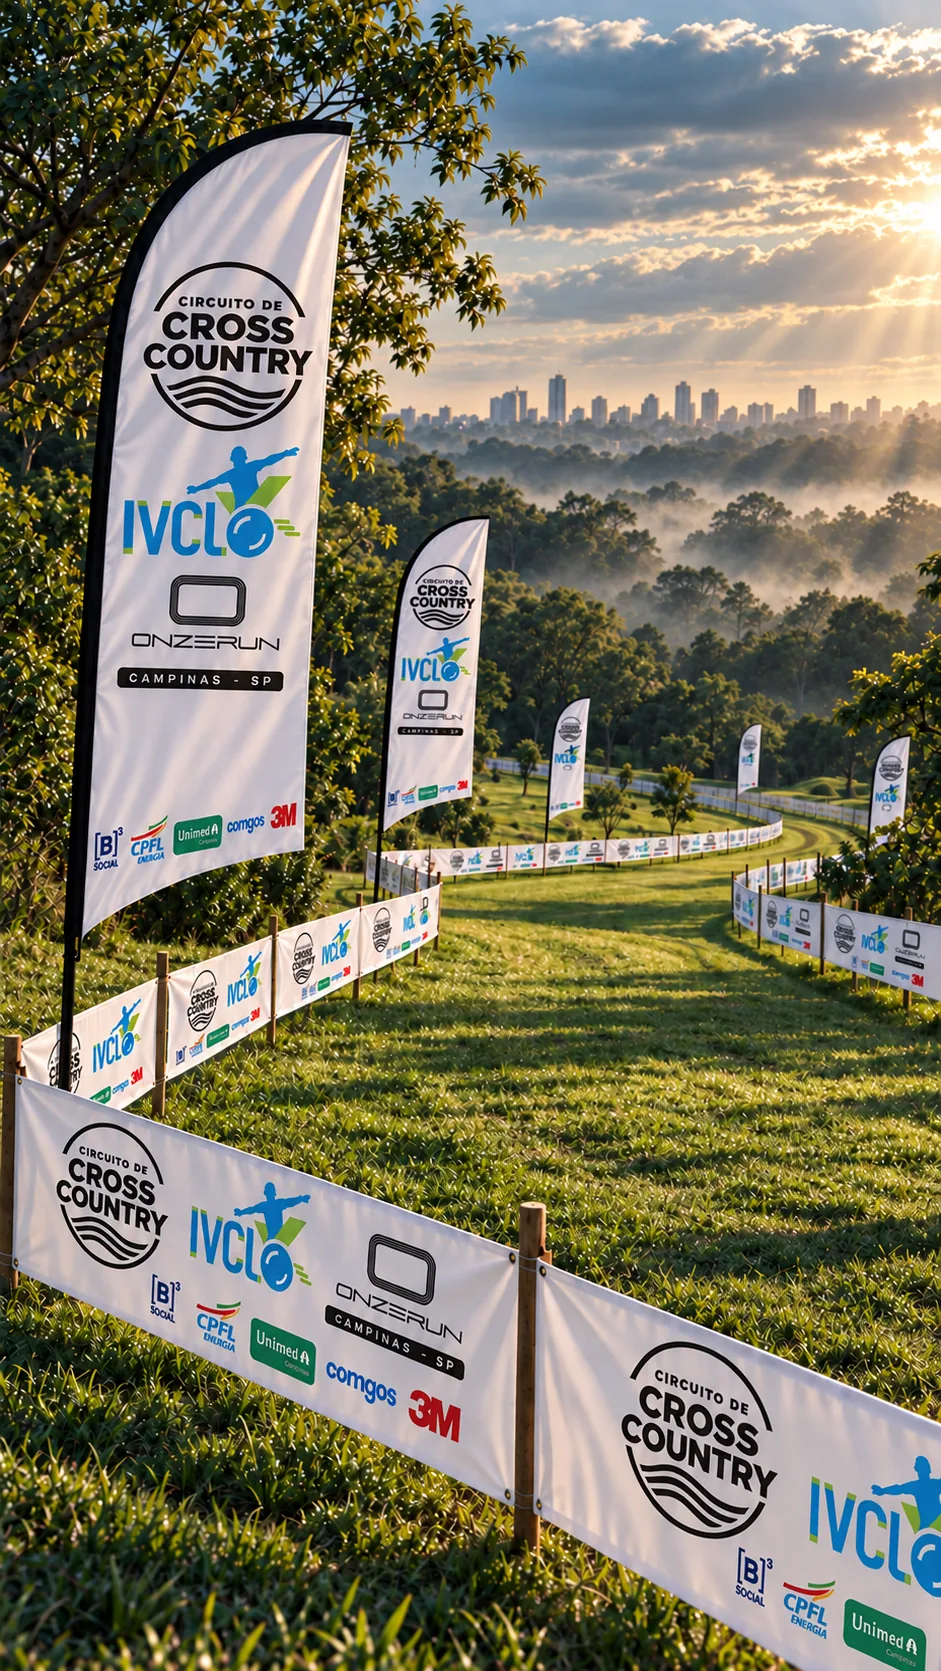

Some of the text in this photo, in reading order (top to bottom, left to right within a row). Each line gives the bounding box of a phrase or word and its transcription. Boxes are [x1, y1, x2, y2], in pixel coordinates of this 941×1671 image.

[178, 296, 282, 311] CIRCUITO DE
[162, 311, 294, 344] CROSS
[143, 343, 313, 376] COUNTRY
[410, 596, 475, 609] COUNTRY
[417, 585, 468, 597] CROSS
[131, 633, 280, 651] ONZERUN
[128, 673, 221, 685] CAMPINAS
[251, 676, 272, 686] SP
[402, 713, 463, 721] ONZERUN
[270, 802, 297, 829] 3M
[130, 837, 164, 857] CPFL
[178, 828, 210, 842] Unimed
[93, 858, 118, 871] SOCIAL
[190, 987, 215, 1005] CROSS
[79, 1146, 148, 1175] CIRCUITO DE
[68, 1158, 155, 1206] CROSS
[56, 1179, 169, 1237] COUNTRY
[150, 1305, 175, 1323] SOCIAL
[197, 1313, 236, 1342] CPFL
[336, 1282, 463, 1344] ONZERUN
[256, 1329, 299, 1360] Unimed
[335, 1314, 410, 1353] CAMPINAS
[436, 1356, 454, 1370] SP
[655, 1369, 749, 1415] CIRCUITO DE
[408, 1389, 462, 1443] 3M
[639, 1385, 759, 1456] CROSS
[621, 1413, 778, 1499] COUNTRY
[735, 1584, 765, 1607] SOCIAL
[783, 1593, 828, 1627] CPFL
[790, 1614, 828, 1639] ENERGIA
[852, 1612, 904, 1650] Unimed
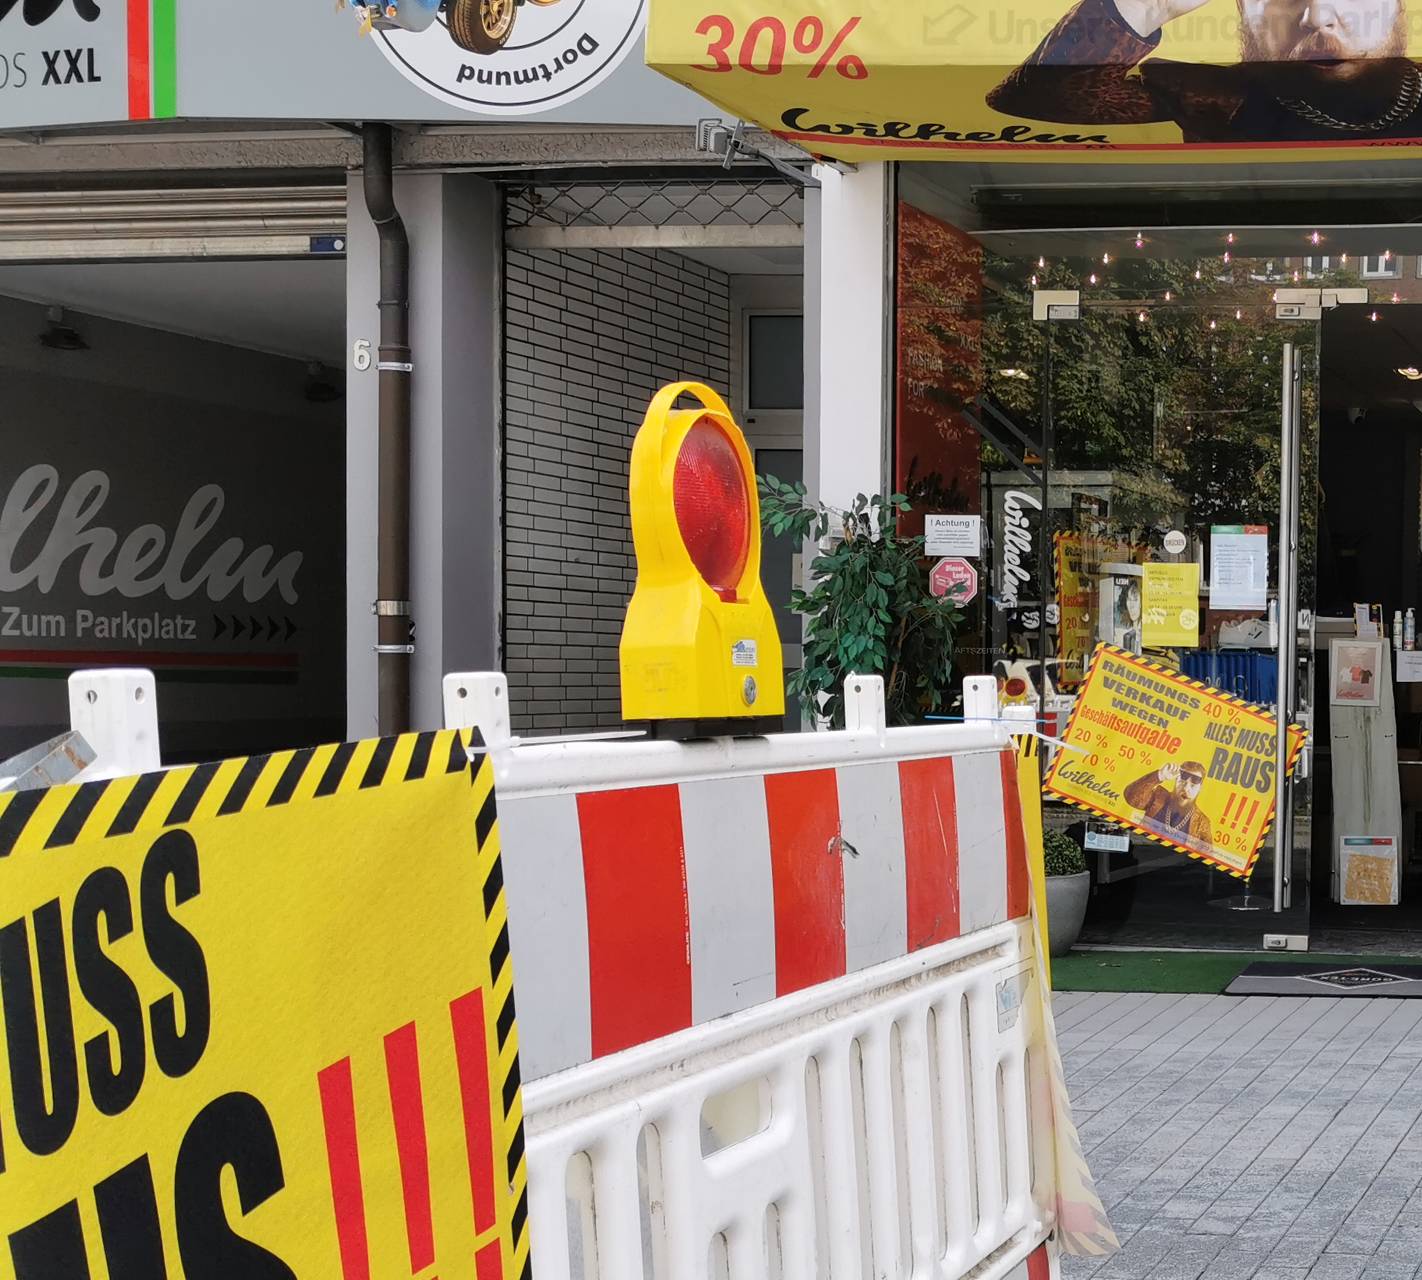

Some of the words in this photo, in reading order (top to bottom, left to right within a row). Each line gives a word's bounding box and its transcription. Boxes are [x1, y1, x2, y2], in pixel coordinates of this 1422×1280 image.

* * * *

> Task details
An exact copy of the records is required. Pictures do not belong in it.

> Solution to this problem
Some of the text in this photo, in reading order (top to bottom, left to right within a row). Each line gives the bounding box of a phrase or word and its transcription. Boxes are [x1, y1, x2, y2], in pixel coordinates of this 941×1671 image.

[178, 296, 282, 311] CIRCUITO DE
[162, 311, 294, 344] CROSS
[143, 343, 313, 376] COUNTRY
[410, 596, 475, 609] COUNTRY
[417, 585, 468, 597] CROSS
[131, 633, 280, 651] ONZERUN
[128, 673, 221, 685] CAMPINAS
[251, 676, 272, 686] SP
[402, 713, 463, 721] ONZERUN
[270, 802, 297, 829] 3M
[130, 837, 164, 857] CPFL
[178, 828, 210, 842] Unimed
[93, 858, 118, 871] SOCIAL
[190, 987, 215, 1005] CROSS
[79, 1146, 148, 1175] CIRCUITO DE
[68, 1158, 155, 1206] CROSS
[56, 1179, 169, 1237] COUNTRY
[150, 1305, 175, 1323] SOCIAL
[197, 1313, 236, 1342] CPFL
[336, 1282, 463, 1344] ONZERUN
[256, 1329, 299, 1360] Unimed
[335, 1314, 410, 1353] CAMPINAS
[436, 1356, 454, 1370] SP
[655, 1369, 749, 1415] CIRCUITO DE
[408, 1389, 462, 1443] 3M
[639, 1385, 759, 1456] CROSS
[621, 1413, 778, 1499] COUNTRY
[735, 1584, 765, 1607] SOCIAL
[783, 1593, 828, 1627] CPFL
[790, 1614, 828, 1639] ENERGIA
[852, 1612, 904, 1650] Unimed

Some of the words in this photo, in reading order (top to bottom, left to right within a row). Each line gives a word's bounding box and its transcription. Boxes are [x1, y1, x2, y2], in pixel coordinates of this 1422×1280 image.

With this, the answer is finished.